Rolly may trigger storm surges, lahar
A wave crashes into a seashore gazebo in Real, Quezon yesterday. The province has been placed on red alert as it braces for strong winds and intense rains from Typhoon Rolly.
Ernie Peñaredondo
Rolly may trigger storm surges, lahar
Romina Cabrera (The Philippine Star) - November 1, 2020 - 12:00am

1 million evacuated as world’s strongest typhoon this year approaches

MANILA, Philippines — Storm surges as high as 10 feet are expected in the country’s east coast as Typhoon Rolly the world’s most powerful this year threatens to unleash its fury on Luzon, including Metro Manila, beginning tonight.

Heavy rains are expected to inundate many parts of Luzon, particularly the Bicol region, and trigger volcanic flow.

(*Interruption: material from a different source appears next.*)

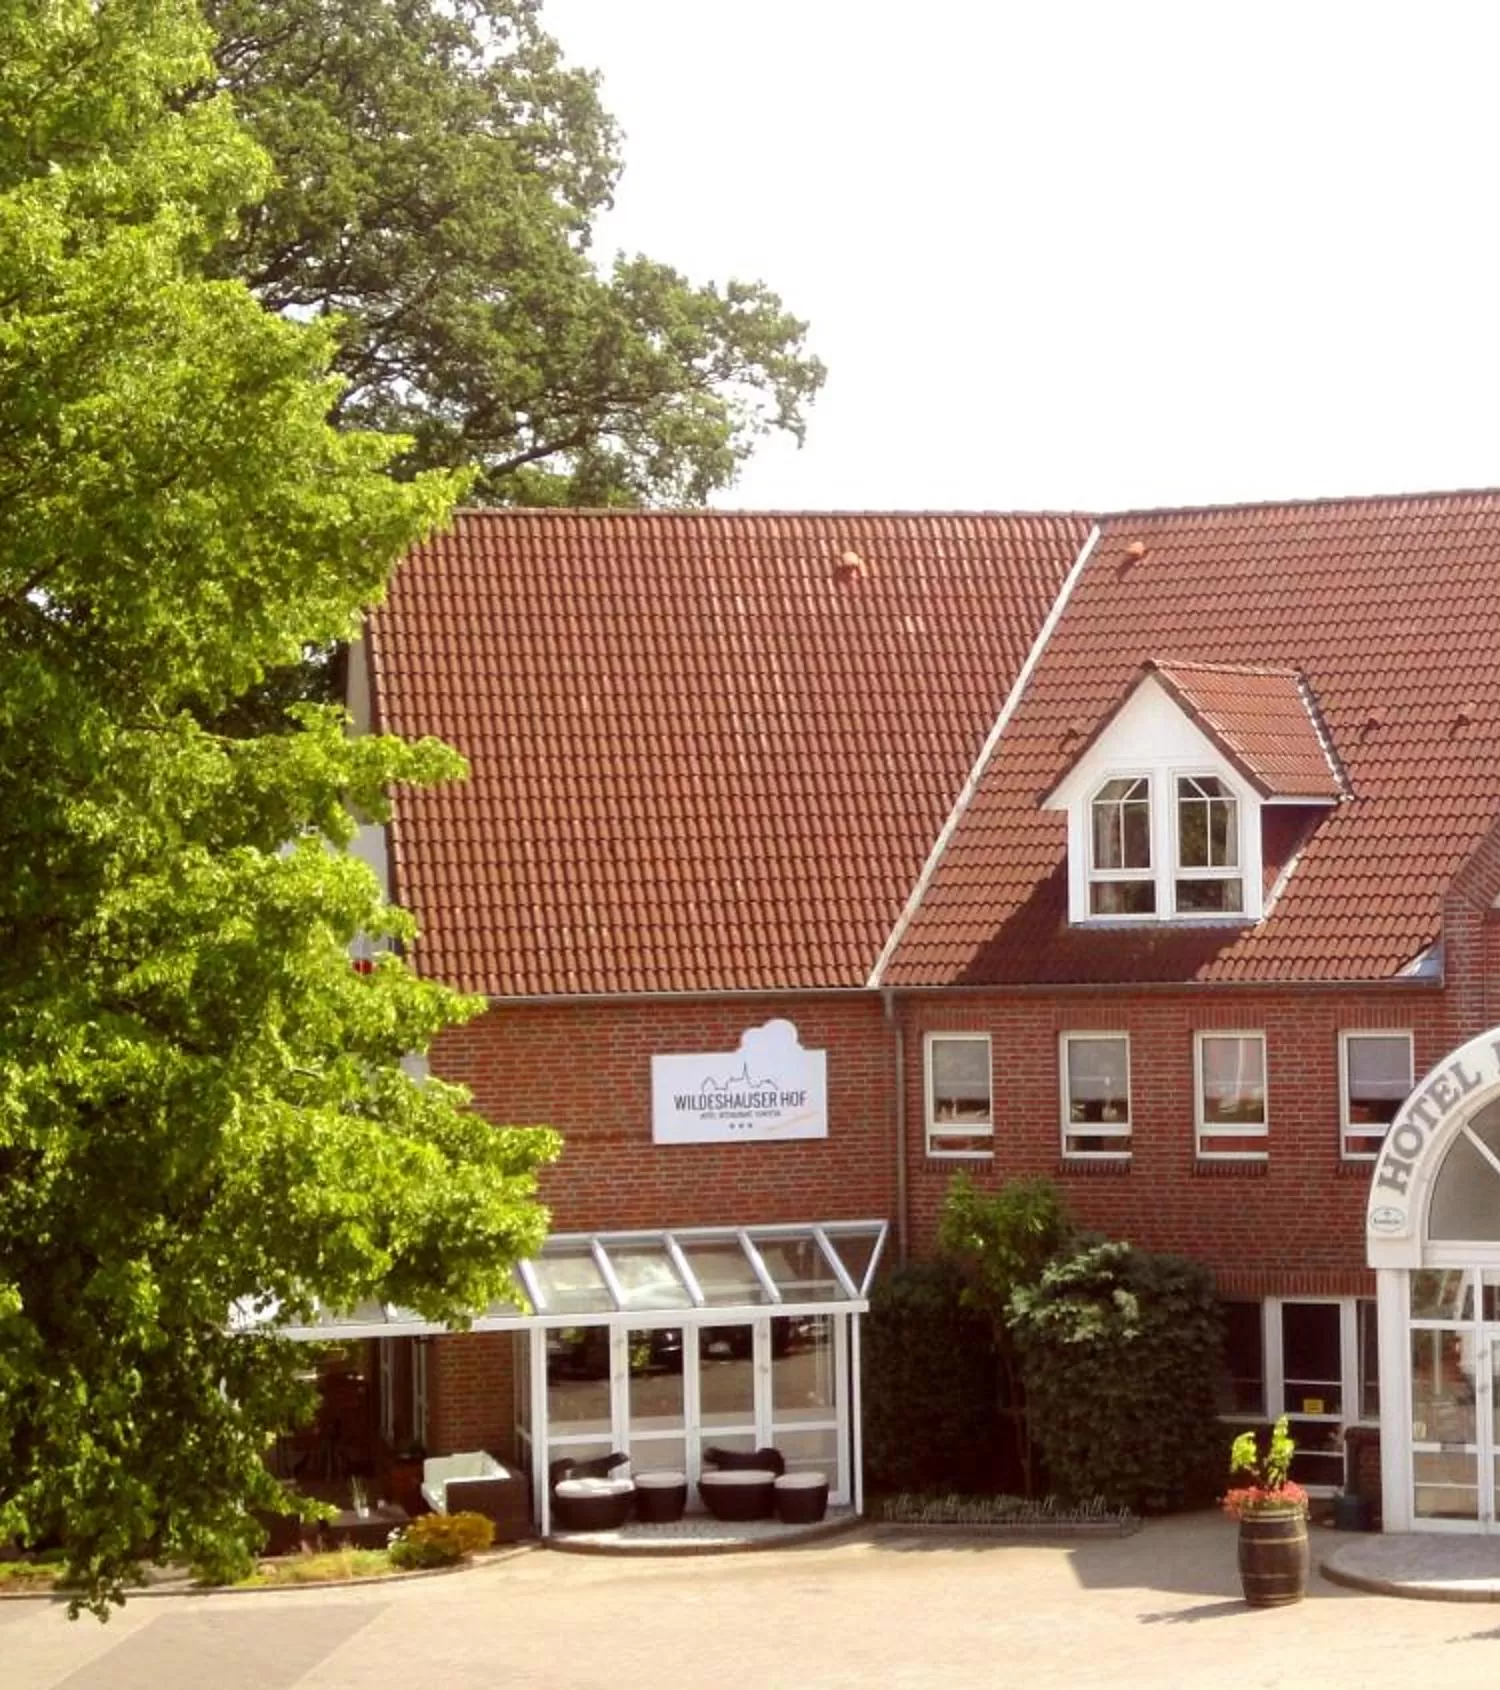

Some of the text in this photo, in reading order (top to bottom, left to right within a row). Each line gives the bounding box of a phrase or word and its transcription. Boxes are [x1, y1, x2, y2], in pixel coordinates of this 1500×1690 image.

[674, 1090, 807, 1111] WILDESHAUSER HOF
[1378, 1061, 1481, 1195] HOTEL

“It looks like we will have really strong winds, increasing the chances of widespread flooding and landslides,” Mark Timbal, spokesman for the National Disaster Risk Reduction and Management Council, told ABS-CBN.

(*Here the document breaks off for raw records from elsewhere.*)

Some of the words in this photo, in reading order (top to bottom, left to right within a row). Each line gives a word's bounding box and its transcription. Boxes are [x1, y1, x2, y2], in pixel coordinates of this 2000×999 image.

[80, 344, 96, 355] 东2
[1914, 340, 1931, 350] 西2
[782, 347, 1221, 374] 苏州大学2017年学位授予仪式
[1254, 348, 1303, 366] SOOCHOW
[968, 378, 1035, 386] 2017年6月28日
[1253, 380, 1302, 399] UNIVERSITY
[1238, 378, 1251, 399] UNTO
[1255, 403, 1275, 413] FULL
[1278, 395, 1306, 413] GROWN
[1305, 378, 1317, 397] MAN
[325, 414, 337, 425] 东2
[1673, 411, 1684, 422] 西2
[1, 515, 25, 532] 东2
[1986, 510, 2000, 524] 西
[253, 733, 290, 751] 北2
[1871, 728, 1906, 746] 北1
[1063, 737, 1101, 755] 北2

“Storm surges are imminent on our east coast. We are monitoring Mayon and Taal volcanos for possible volcanic mud flows,” he added.

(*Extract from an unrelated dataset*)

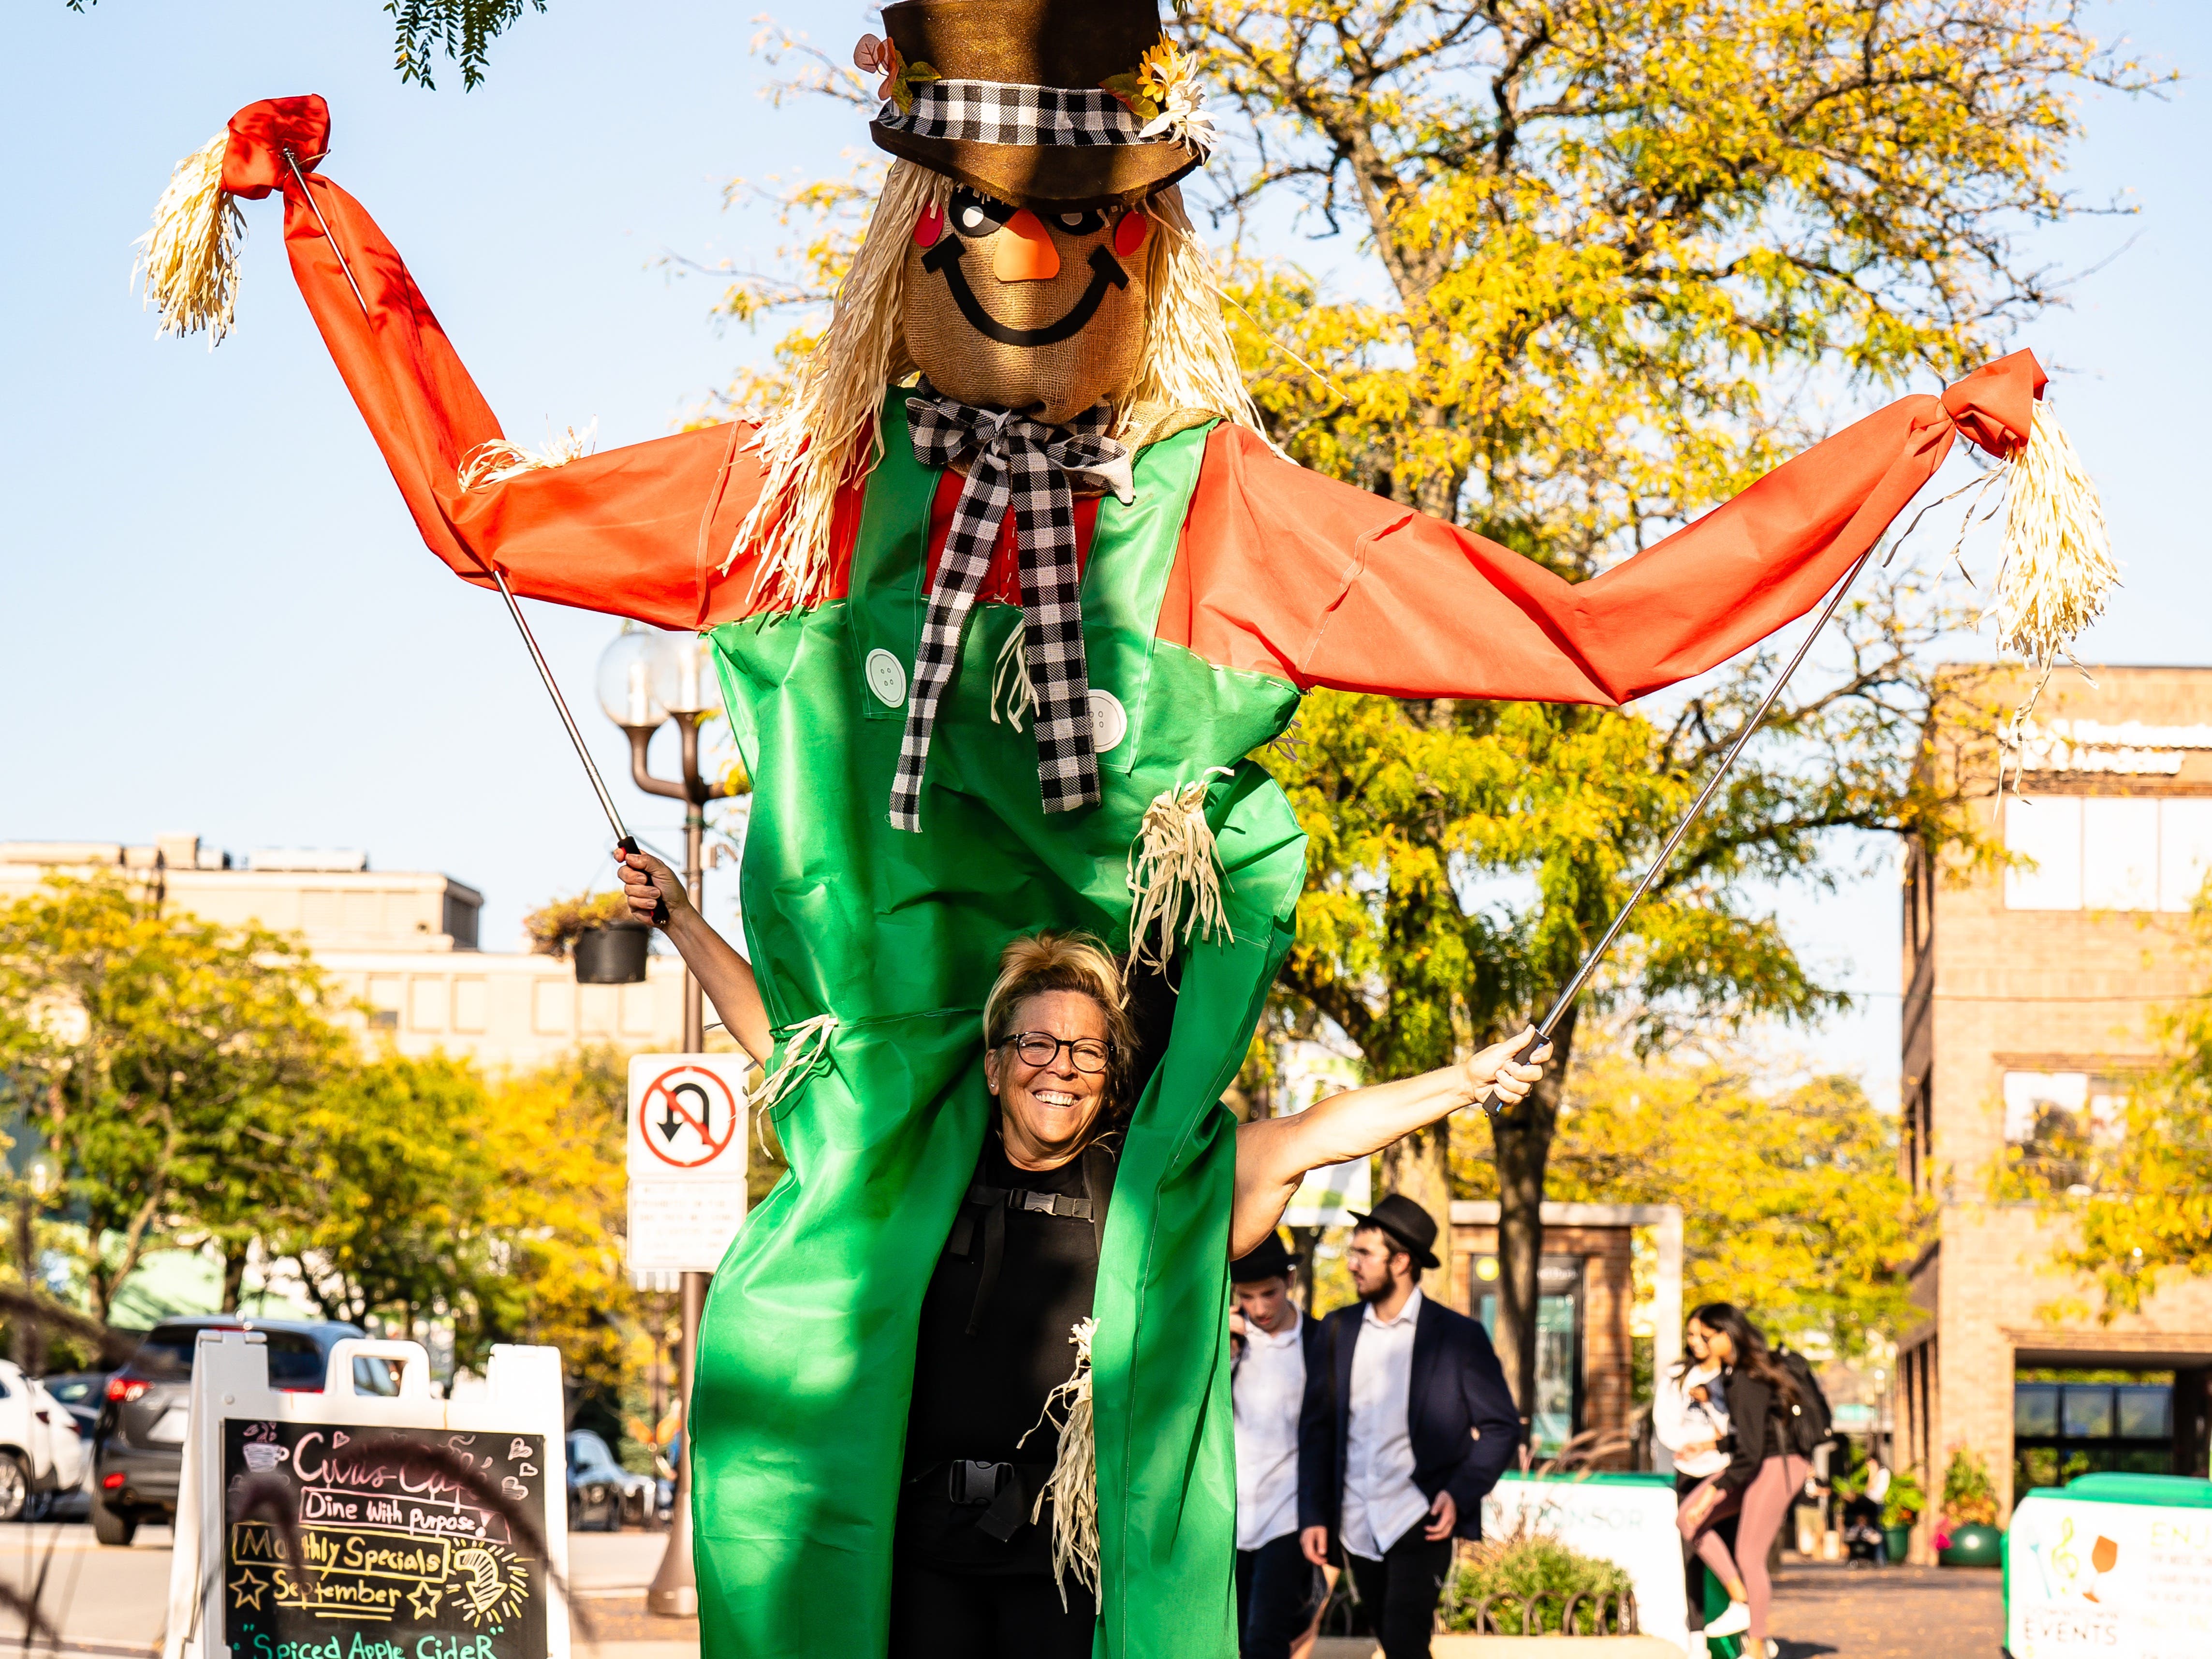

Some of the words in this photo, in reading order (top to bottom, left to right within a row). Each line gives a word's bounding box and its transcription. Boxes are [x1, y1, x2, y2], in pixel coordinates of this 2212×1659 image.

Authorities yesterday ramped up preparations in the Bicol region, marshaling rescue vehicles, emergency response teams and relief goods ahead of the typhoon.

“Violent winds and intense rainfall” are expected that could trigger flooding and landslides in the region of more than 20 million people,
 according to the Philippine Atmospheric Geophysical and Astronomical Services Administration (PAGASA).

In an advisory released Friday night, the Philippine Institute of Volcanology and Seismology (Phivolcs) said high-volume rainfall is expected to generate volcanic sediment flows or lahar from Mayon, Taal and Pinatubo.

PAGASA said Rolly (international name Goni) will likely remain in the typhoon category as it carries maximum sustained winds of 215 kilometers per hour at the center and gustiness of up to 265 kph.

Tropical cyclone warning signal number 3 was raised in the areas of Catanduanes, the northeastern portion of Camaries Sur and the northeastern portion of Albay.

Signal numbers 3 and 4, the highest alert level, mean that the wind could pose heavy damage to high-risk structures and could cause widespread disruption of electrical power and communication services.

With winds of up to 121-170 kph, large trees could be broken and this will cause widespread damage to agriculture, such as banana, coconuts, corn and rice crops.

‘Super typhoon?’

PAGASA said the typhoon would be considered a super typhoon if it reached maximum sustained winds of at least 220 kph based on the average of 10-minute intervals.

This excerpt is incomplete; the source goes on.